Consider this key difference between physical retail and online retail: At a physical location, a shopper has already expended some of their time and energy just to visit you in-person. At this point small mistakes they encounter in-store may irritate or annoy them; it happens. But, as long as these annoyances remain below their personal threshold they are unlikely to actually leave your store. In this case leaving would require even more of their time and energy to travel to your competitor's location. So small problems can often pass without significant effect.
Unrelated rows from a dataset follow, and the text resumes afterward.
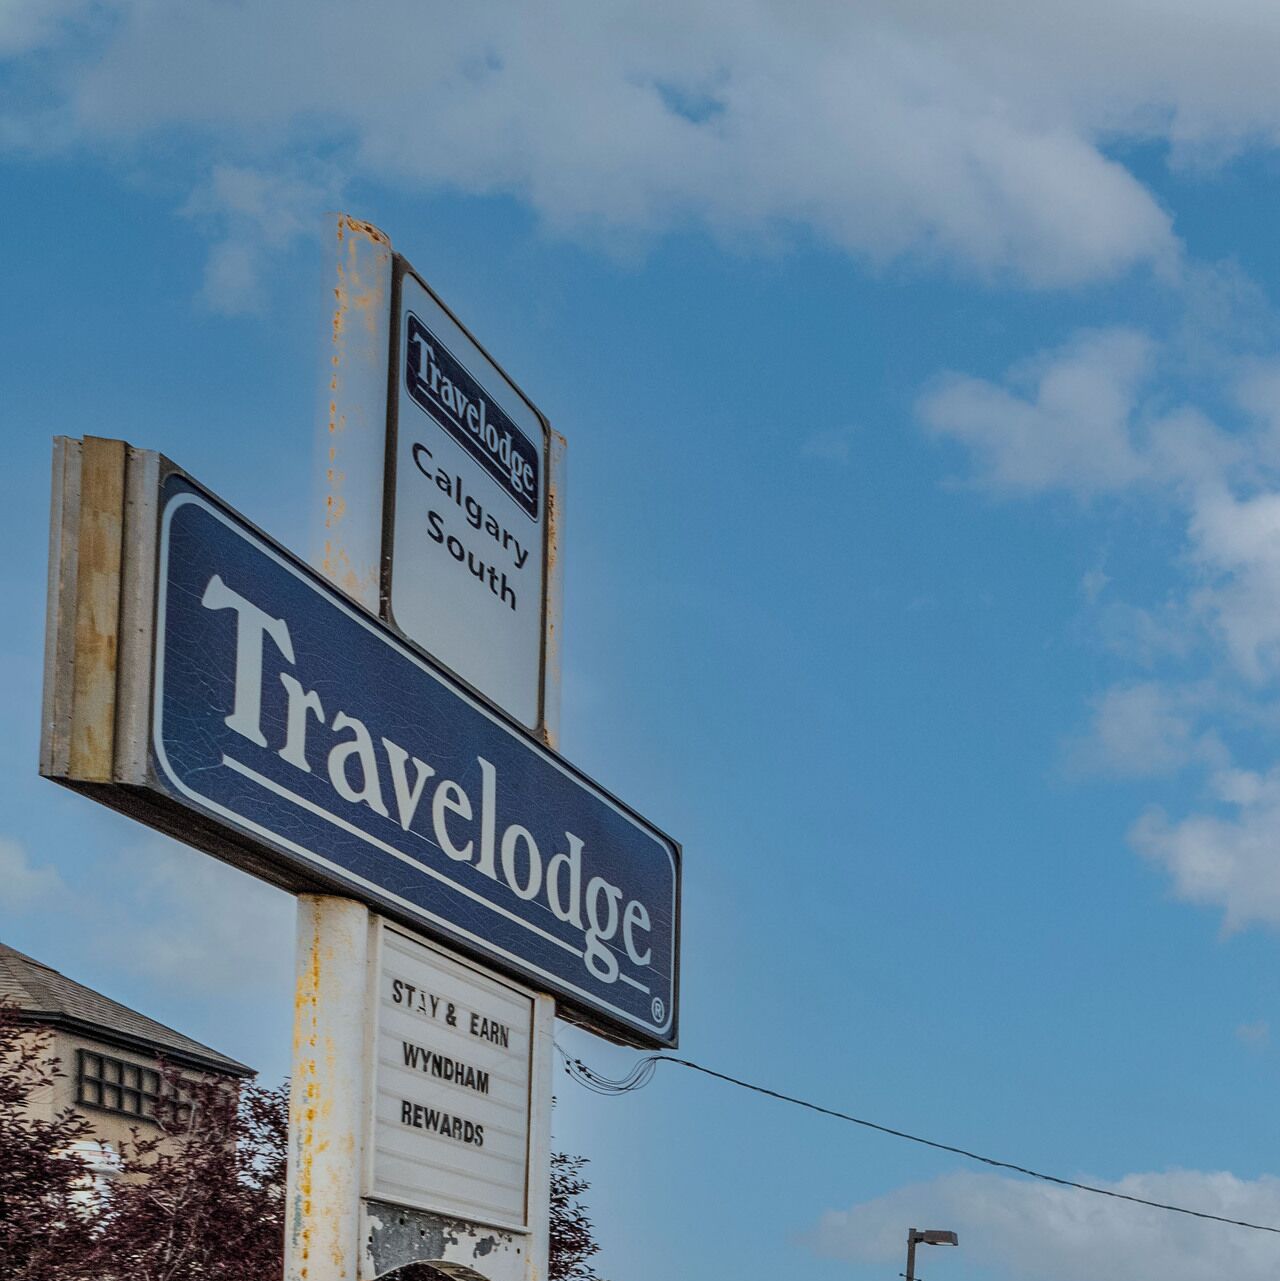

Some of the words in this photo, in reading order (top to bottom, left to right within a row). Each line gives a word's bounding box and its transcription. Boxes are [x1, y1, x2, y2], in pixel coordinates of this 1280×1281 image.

[411, 332, 535, 492] Travelodge
[412, 442, 530, 569] Calgary
[427, 509, 518, 611] South
[201, 573, 653, 984] Travelodge
[402, 1040, 490, 1095] WYNDHAM
[445, 1002, 457, 1027] &
[469, 1012, 510, 1049] EARN
[400, 1100, 485, 1148] REWARDS
The crux of eCommerce websites
In contrast, an online shopper needs to expend a minimal amount of their time and energy to visit your website. Any miniscule issue encountered on your site may be irritating enough to motivate shoppers to navigate away from your store as quickly as they can click a mouse button. The sunk-costs that make it harder for a customer to leave a physical store simply do not apply online.
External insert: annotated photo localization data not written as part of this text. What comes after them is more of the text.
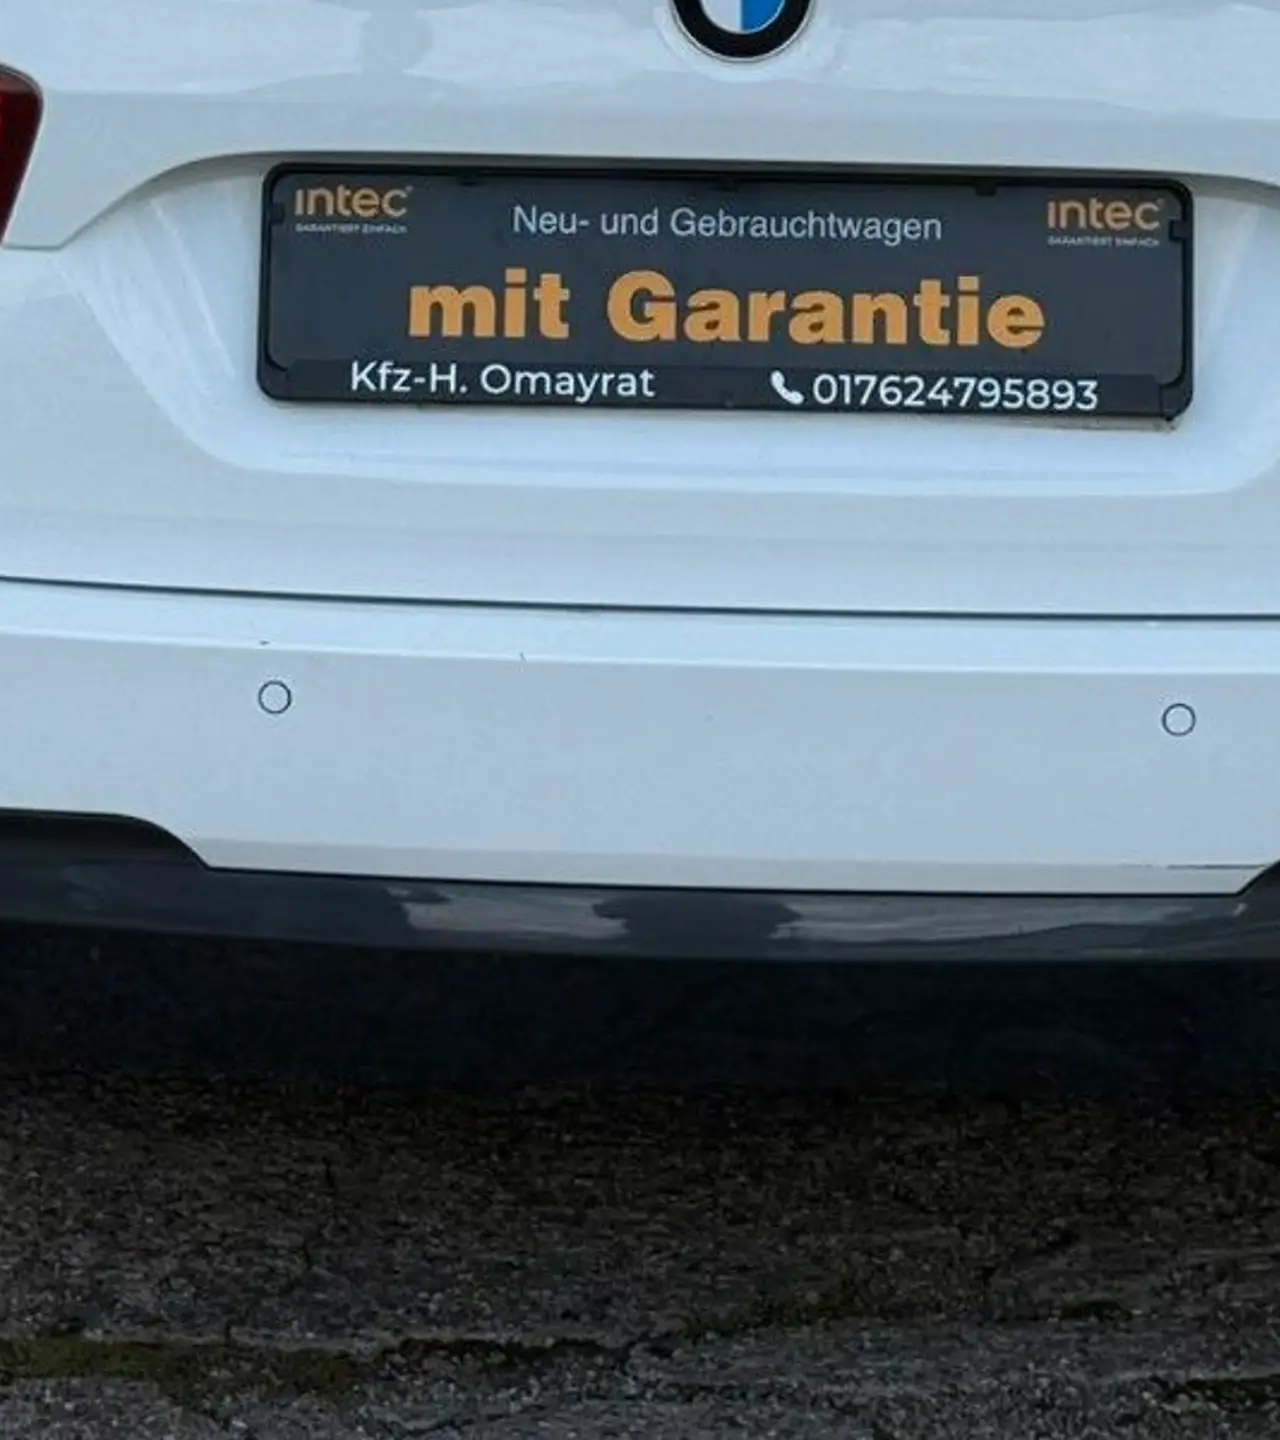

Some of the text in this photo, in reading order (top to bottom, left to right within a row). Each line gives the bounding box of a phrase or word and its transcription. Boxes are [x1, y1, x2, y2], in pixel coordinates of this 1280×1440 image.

[295, 184, 408, 217] intec
[1047, 197, 1160, 230] intec
[512, 205, 943, 247] Neu- und Gebrauchtwagen
[409, 268, 1046, 349] mit Garantie
[351, 361, 657, 403] Kfz-H. Omayrat
[812, 372, 1100, 411] 017624795893
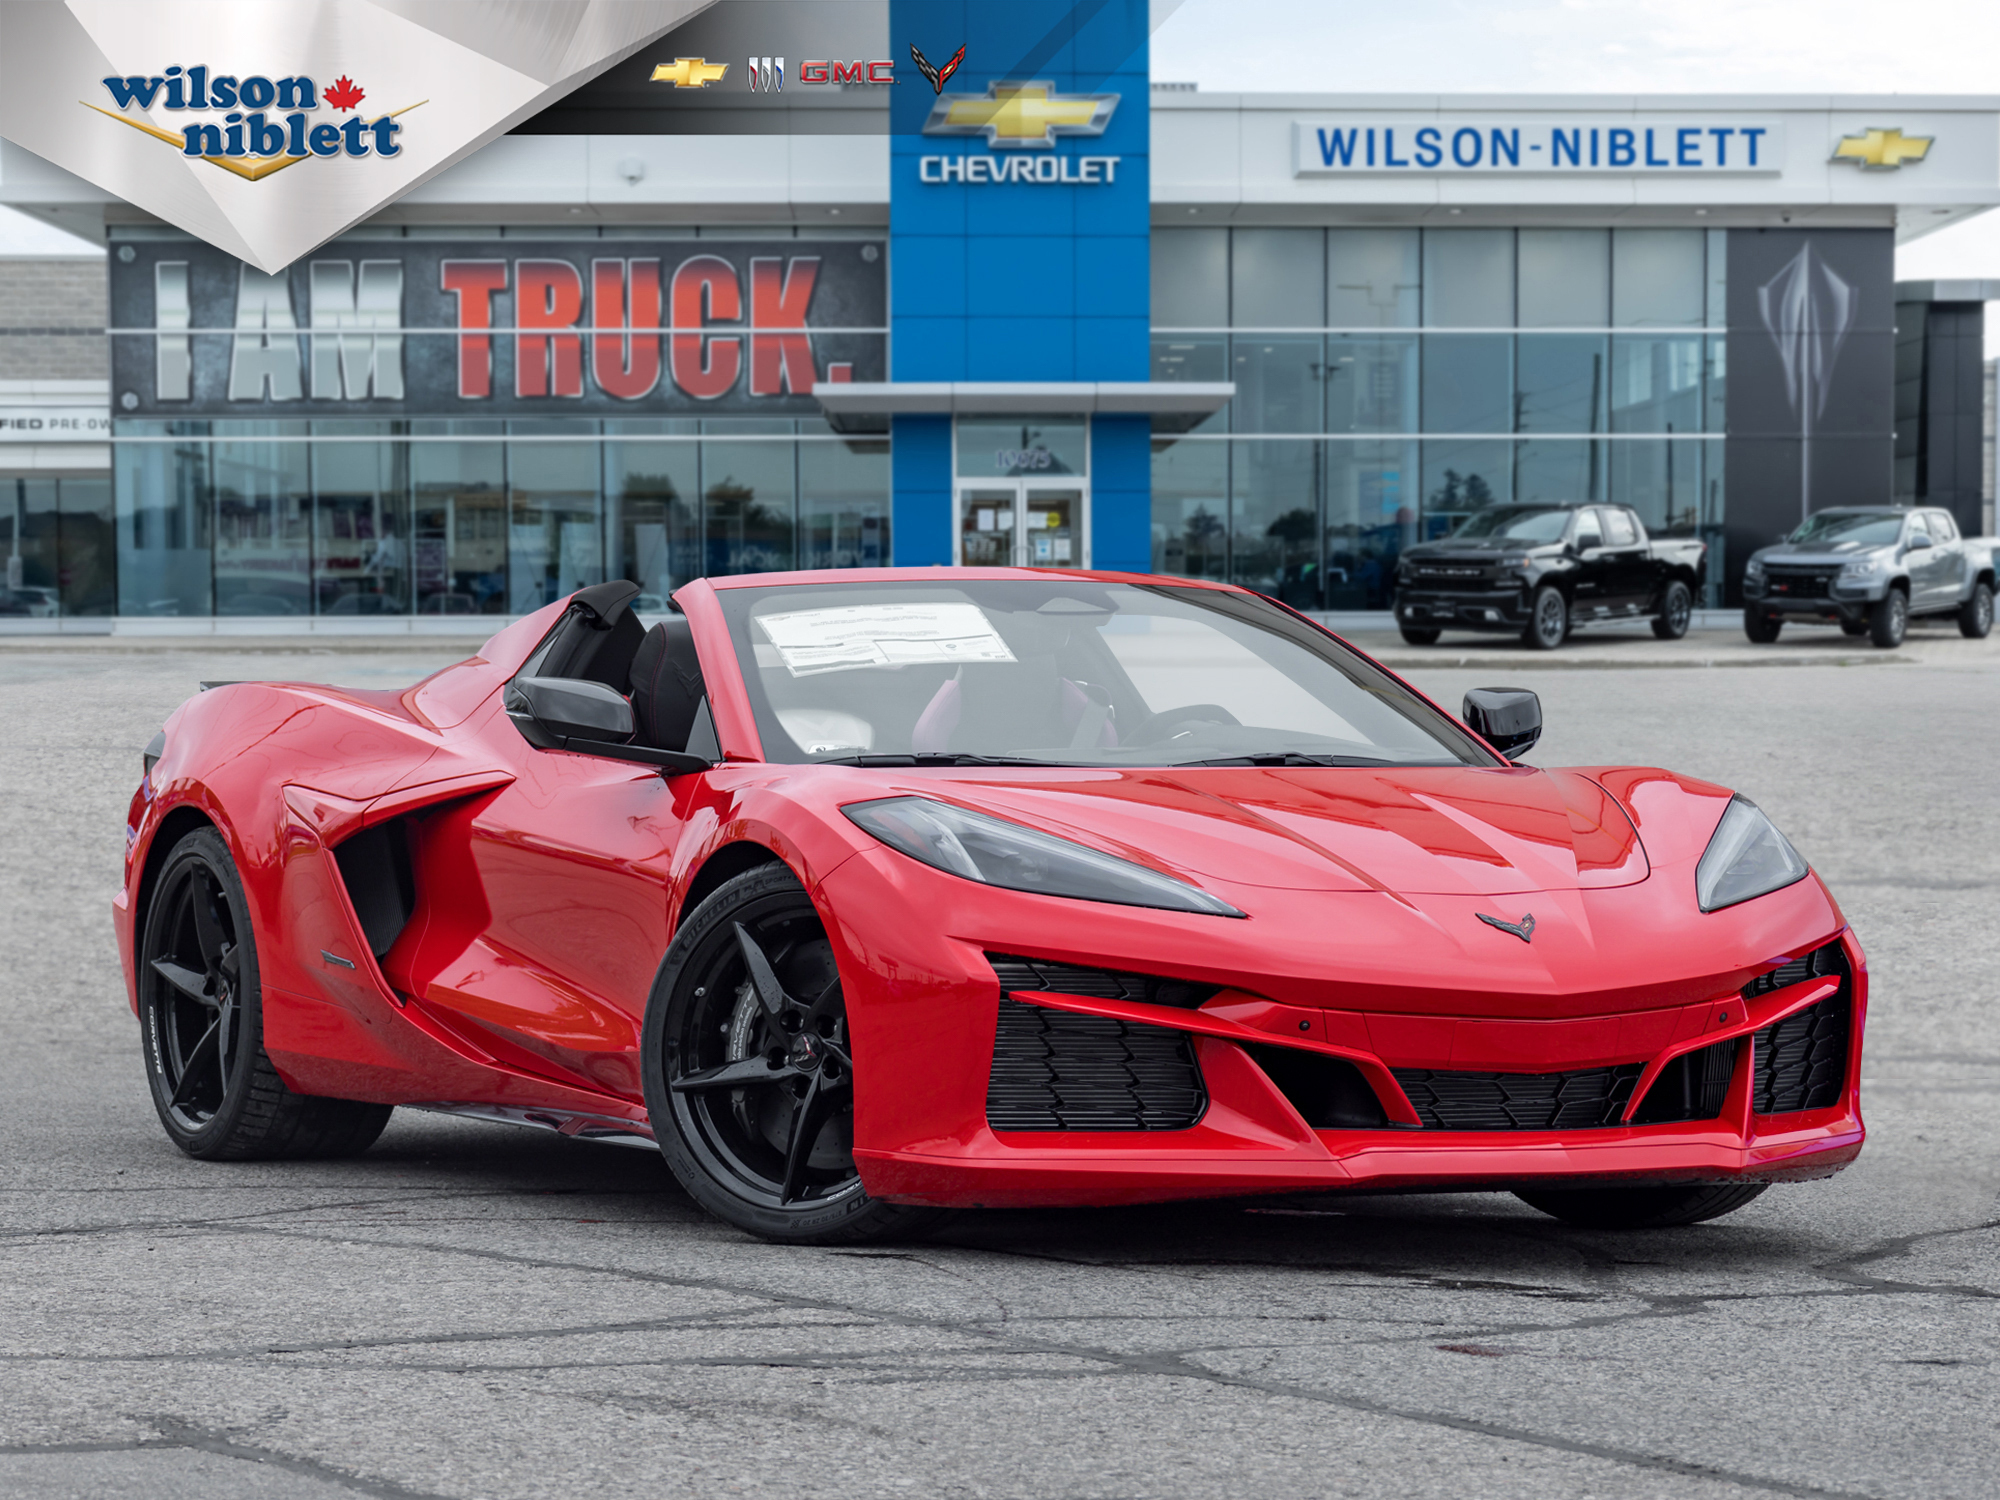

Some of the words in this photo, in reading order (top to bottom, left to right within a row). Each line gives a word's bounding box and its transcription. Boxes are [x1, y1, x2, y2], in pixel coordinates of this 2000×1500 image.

[919, 155, 1120, 184] CHEVROLET
[1316, 127, 1767, 168] WILSON-NIBLETT
[154, 260, 191, 401] I
[228, 258, 405, 401] AM
[440, 254, 853, 401] TRUCK.
[683, 892, 737, 948] MICHELIN
For a few examples of annoying (and possibly customer-alienating) mistakes made on some well-known ecommerce sites, check out this article: 10 Surprising Mistakes on Large Ecommerce Sites
As you can see, even the big names in ecommerce are not immune from the occasional oversight, but the key to retaining customers is learning from your mistakes and ensuring that they do not happen again. If possible, regularly have several different people read through and test the functionality of every page on your site. It's always a good idea to run your site through what's called the "grandma test". Imagine a grandmother actually using your site; are the product descriptions clear to her?, can she easily navigate between pages and through the checkout process?, is the payment and shipping information straightforward?, etc. Your goal is to identify and fix anything that could frustrate your customers before they ever experience it.